Adi Da: It is very easy to introduce a sex-negative, body-negative, and self-negative attitude in children through little punishment rituals, because we have all been indoctrinated in one way or another into a sex-negative, or at least an ambivalent, view of sexuality. On the one hand sex is affirmed, on the other hand it is denied. I can remember receiving basically sex-negative signals throughout my childhood. Sex was something you were not supposed to do unless you were married, but even then it was better if you didn't! (Laughter.) In the culture of my childhood, there was no systematic development of a positive body-sense relative to all one's functions. Therefore, in order to raise our children with a positive body-sense, everyone in our community must understand how he or she tends to reinforce a body-negative and sex-negative self-image, and then they must avoid dealing with children in those ways.

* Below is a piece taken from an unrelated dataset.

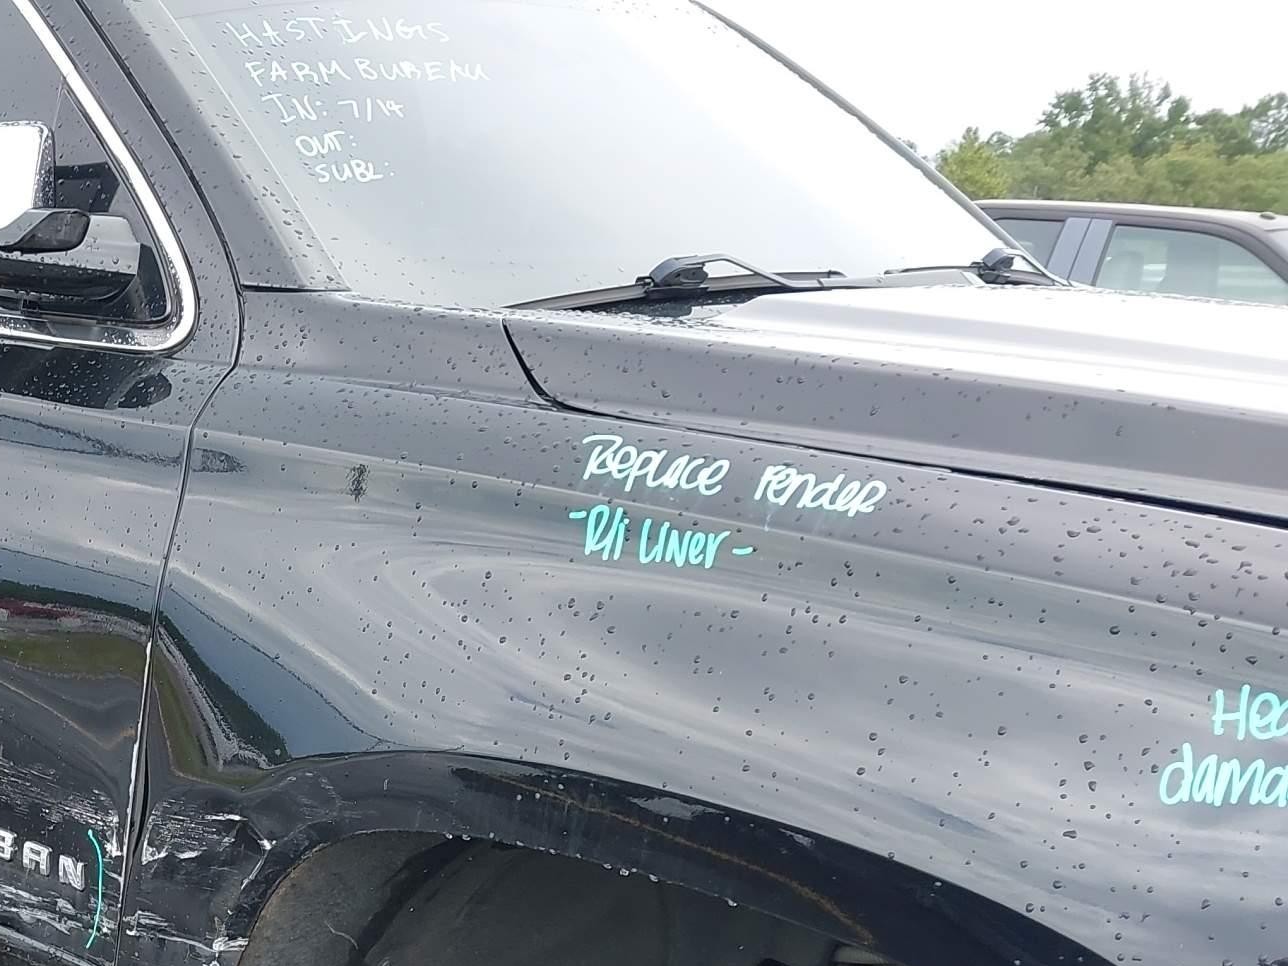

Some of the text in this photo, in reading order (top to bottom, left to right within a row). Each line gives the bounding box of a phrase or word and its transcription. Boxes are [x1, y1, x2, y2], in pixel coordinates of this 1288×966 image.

Children inevitably explore their bodies and feel them in various ways. To take the position that there is something wrong with all that is foolish. Nor do you have to make children explore and feel their bodies; they will do this naturally. When you find them doing it, what will be your response? You do not want to encourage habitual masturbating, but you also do not want to slap their hands and tell them that what they are doing is nasty or dirty. Rather, you must establish a more positive and ordinary education for children in which they become directly, feelingly, and sensually related to the world altogether. When they begin to notice things about their bodies, there should be no suppressive attack on them. That exploration is just a sign that they have reached a certain stage in self-observation, and you should help them. By the time they are capable of making such observations, they are usually old enough to engage in a discussion that will lead to an understanding of the body and its sensations.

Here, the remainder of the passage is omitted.